Electronics > Beginners
Why do we need antennas?
fonograph:
--- Quote from: PhilipPeake on August 15, 2018, 06:55:12 pm ---If you are looking for a simple answer (behind which things get very complex) the antenna is a device to match electrical impedance to free-space impedance.
With radio (and EM in general) its all about matching.
--- End quote ---
How can you possibly match electrical impedance to wave impedance? If I understand it correctly these two impedance types are completly different things hence why 377 ohm cable cut open at one end isnt going to radiate away 100% energy into air.
Isnt wave and electric impedance kind of a apples and oranges situation? So far I am understanding that they are two separate independent things.So when you write that antenna matches electric impedance to the impedance of free space,to my brain it appears as if you wrote about matching student debt pressure to water pressure inside pressurized tank,seems completly unrelated.
tautech:
--- Quote from: fonograph on August 15, 2018, 07:43:43 pm ---
--- Quote from: PhilipPeake on August 15, 2018, 06:55:12 pm ---If you are looking for a simple answer (behind which things get very complex) the antenna is a device to match electrical impedance to free-space impedance.
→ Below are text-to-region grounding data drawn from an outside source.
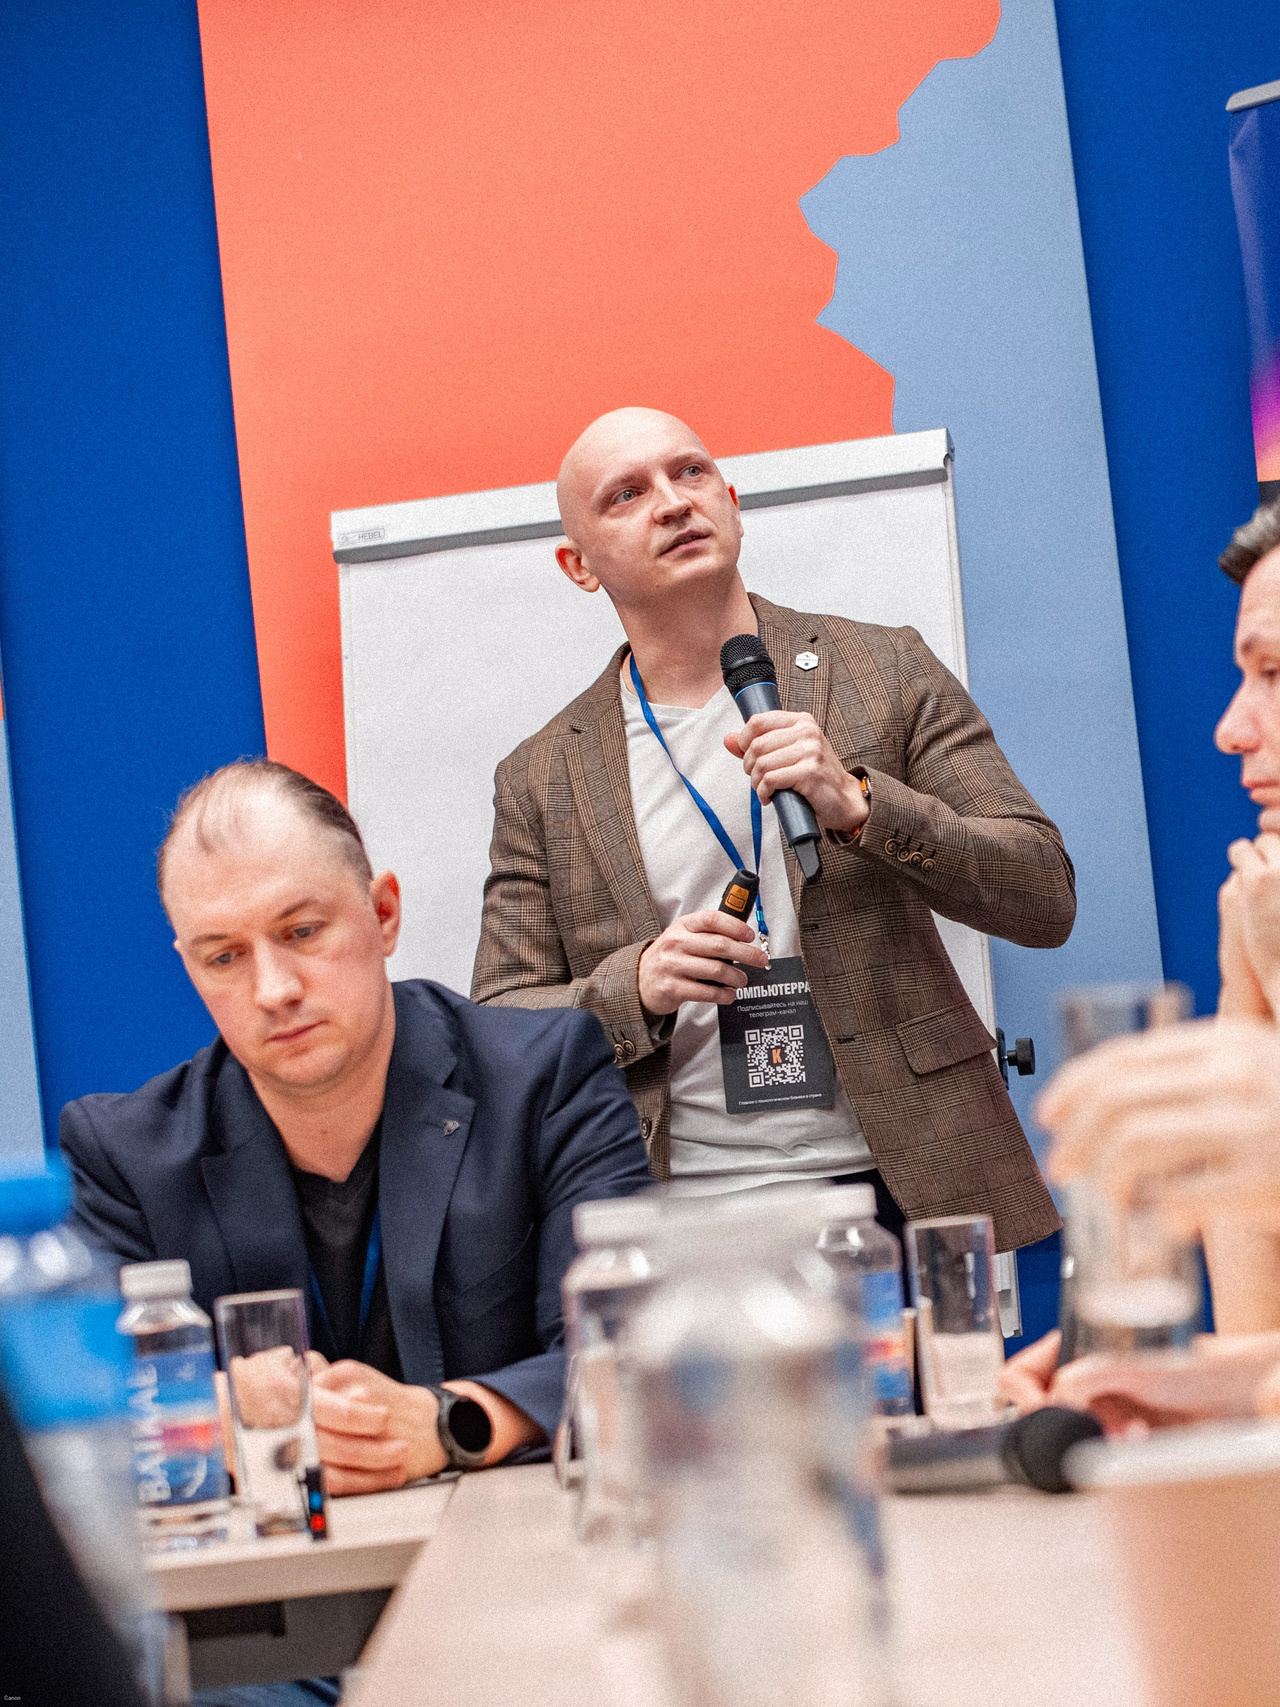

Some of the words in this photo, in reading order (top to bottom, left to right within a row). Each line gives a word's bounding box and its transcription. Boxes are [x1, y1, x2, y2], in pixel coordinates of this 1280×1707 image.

[358, 531, 382, 541] HEBEL
[735, 981, 811, 1000] ОМПЬЮТЕРРА
[737, 1002, 787, 1012] Подписывайтесь
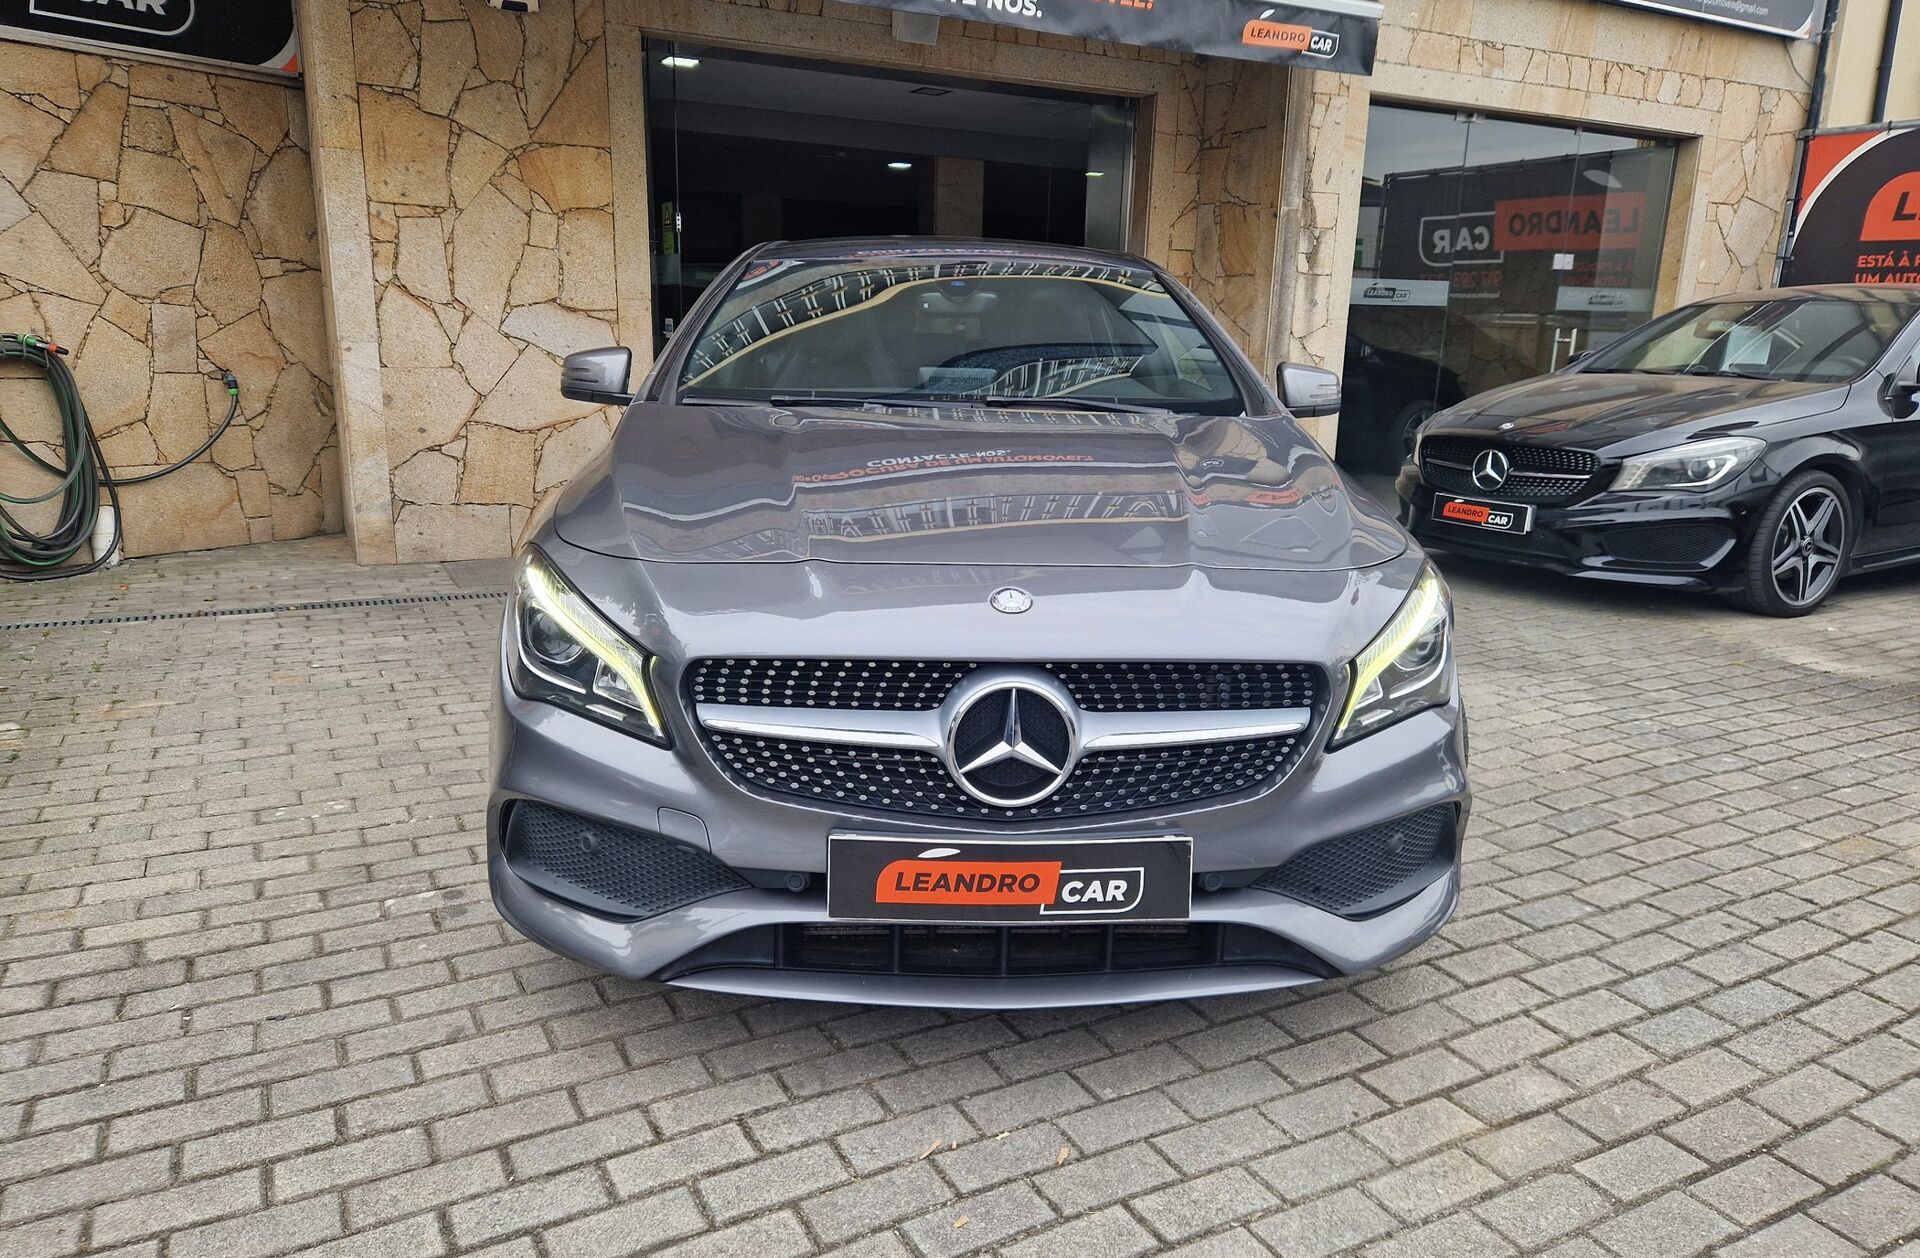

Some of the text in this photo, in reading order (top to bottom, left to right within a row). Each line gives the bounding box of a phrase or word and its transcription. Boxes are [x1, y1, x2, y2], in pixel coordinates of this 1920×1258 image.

[1250, 27, 1333, 52] LEANDRO CAR
[1857, 250, 1895, 268] ESTÁ
[1855, 272, 1880, 284] UM
[1447, 505, 1509, 526] LEANDRO CAR
[894, 871, 1128, 903] LEANDRO CAR
With radio (and EM in general) its all about matching.
--- End quote ---
How can you possibly match electrical impedance to wave impedance? If I understand it correctly these two impedance types are completly different things hence why 377 ohm cable cut open at one end isnt going to radiate away 100% energy into air.
Isnt wave and electric impedance kind of a apples and oranges situation? So far I am understanding that they are two separate independent things.So when you write that antenna matches electric impedance to the impedance of free space,to my brain it appears as if you wrote about matching student debt pressure to water pressure inside pressurized tank,seems completly unrelated.
--- End quote ---
There's two main things an antenna needs to provide and because of antenna reciprocity we design and prove transmission characteristics and it's easy to do with a VNA.
First the antenna needs be emissive at the chosen frequency and then how it's fed determines it's match to the feed line/system.
If you look at the last few pics I've posted in the SVA1015X thread you can see emissive properties in a Log Magnitude screenshot and it's match to the feeder in an SWR screenshot.
Just getting those 2 things close to optimum had the antenna performing close to ideal.
You could work in the reverse and tweak a receiving antenna with just a SA and an existing external transmission but good results would be more by chance.
RoGeorge:
"Why do we need antennas" is a very good question, and very deep, IMO.
Yet, here seems to be more a problem about words. As it was pointed out before, the "impedance of free space" and the "electrical impedance" are not the same type of beast.
The concept of impedance has a much broader sense than just the electrical impedance: The concept of impedance, by definition, means the ratio between cause and effect.. (Now, who's the cause and who's the effect, especially in electromagnetism, is a can of worms, and whoever dare to open it, will eventually end up eaten by those worms. ^-^)
fonograph:
If wave impedance and electric impedance are not related.Can you two antennas,one low electric impedance high current,second high electric impedance high voltage one and if their wave impedance is same and they are both fed samw amount of power,then they will radiate the same?
tautech:
--- Quote from: fonograph on August 15, 2018, 09:28:33 pm ---If wave impedance and electric impedance are not related.Can you two antennas,one low electric impedance high current,second high electric impedance high voltage one and if their wave impedance is same and they are both fed samw amount of power,then they will radiate the same?
--- End quote ---
No.
Poor SWR will rob the high impedance version of performance.